EXTRACTED RECORDS Start Marker
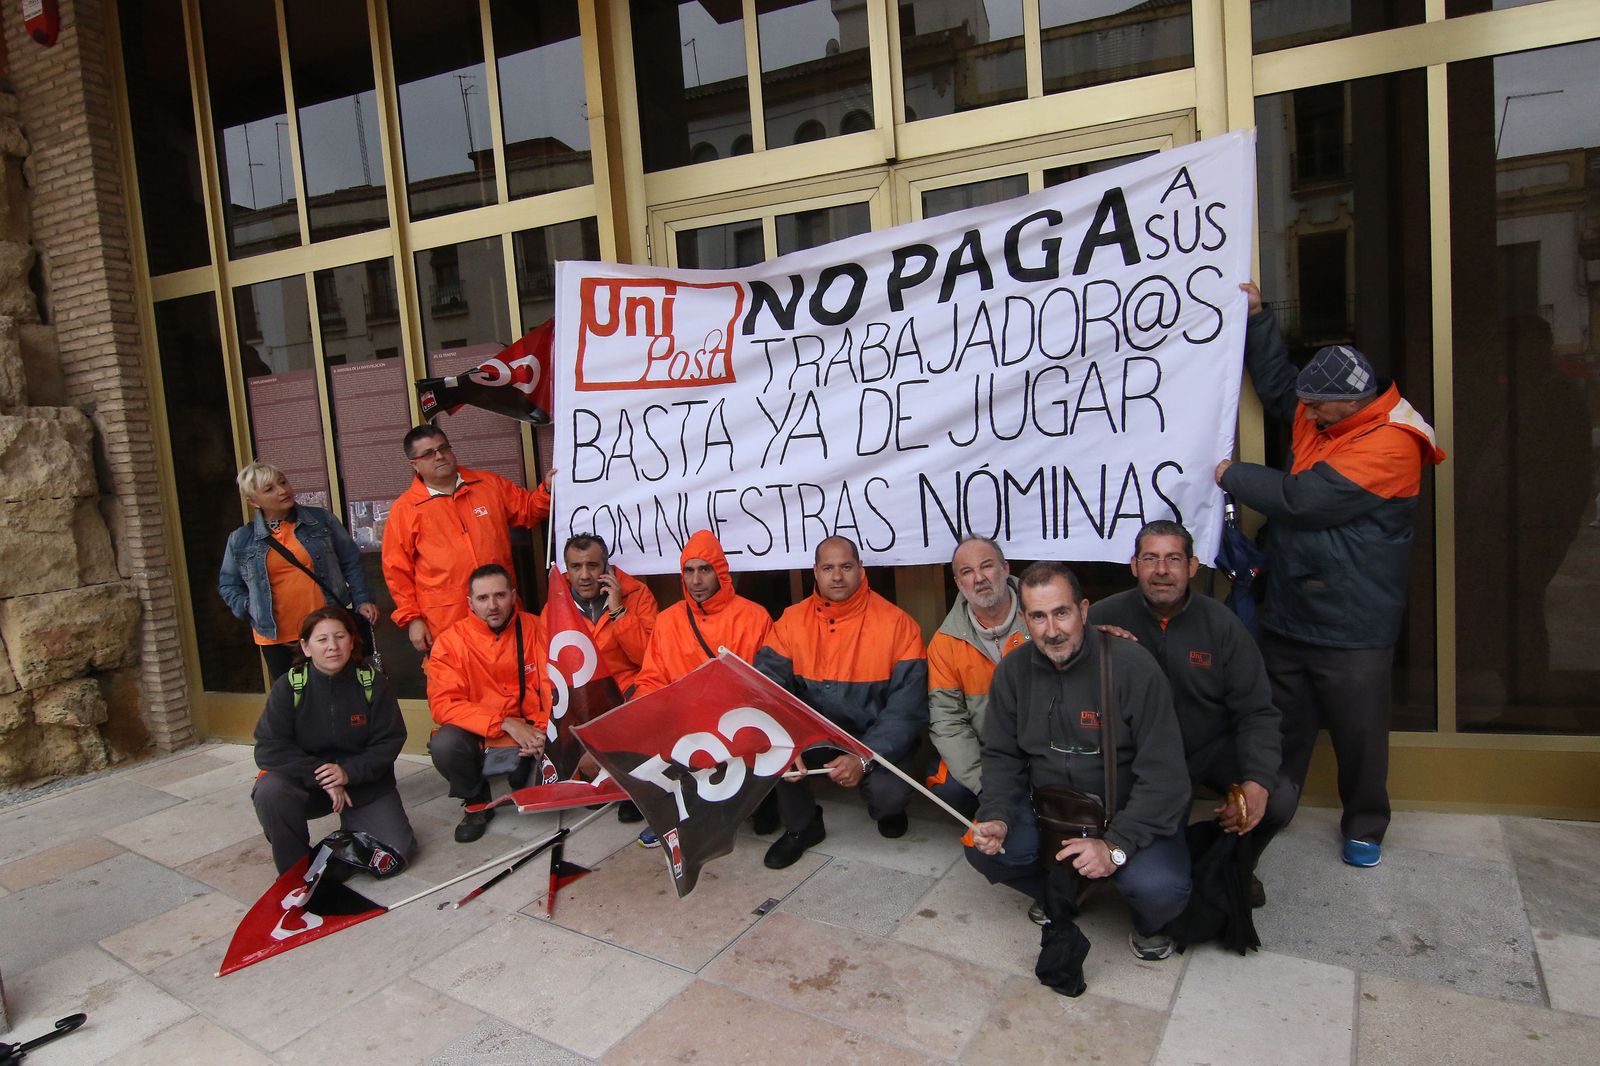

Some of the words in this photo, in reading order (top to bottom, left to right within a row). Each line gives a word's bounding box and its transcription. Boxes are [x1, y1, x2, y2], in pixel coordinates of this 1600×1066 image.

[1160, 166, 1197, 204] A
[742, 263, 867, 336] NO
[887, 187, 1141, 312] PAGA
[1145, 202, 1226, 260] SUS
[582, 278, 677, 337] Uni
[750, 265, 1223, 394] TRABAJADOR@S
[638, 329, 728, 381] Post
[572, 398, 734, 483] BASTA
[756, 390, 827, 468] YA
[857, 379, 930, 457] DE
[948, 357, 1165, 447] JUGAR
[655, 477, 895, 556] NUESTRAS
[918, 461, 1184, 548] NÓMINAS
EXTRACTED RECORDS End Marker
◆ **WHAT NEEDS TO BE DONE**
Transcribe all of the records above exactly; no image should appear in what you write.

◆ **EXERCISE ANSWER**
Some of the words in this photo, in reading order (top to bottom, left to right within a row). Each line gives a word's bounding box and its transcription. Boxes are [x1, y1, x2, y2], in pixel coordinates of this 1600×1066 image.

[1160, 166, 1197, 204] A
[742, 263, 867, 336] NO
[887, 187, 1141, 312] PAGA
[1145, 202, 1226, 260] SUS
[582, 278, 677, 337] Uni
[750, 265, 1223, 394] TRABAJADOR@S
[638, 329, 728, 381] Post
[572, 398, 734, 483] BASTA
[756, 390, 827, 468] YA
[857, 379, 930, 457] DE
[948, 357, 1165, 447] JUGAR
[655, 477, 895, 556] NUESTRAS
[918, 461, 1184, 548] NÓMINAS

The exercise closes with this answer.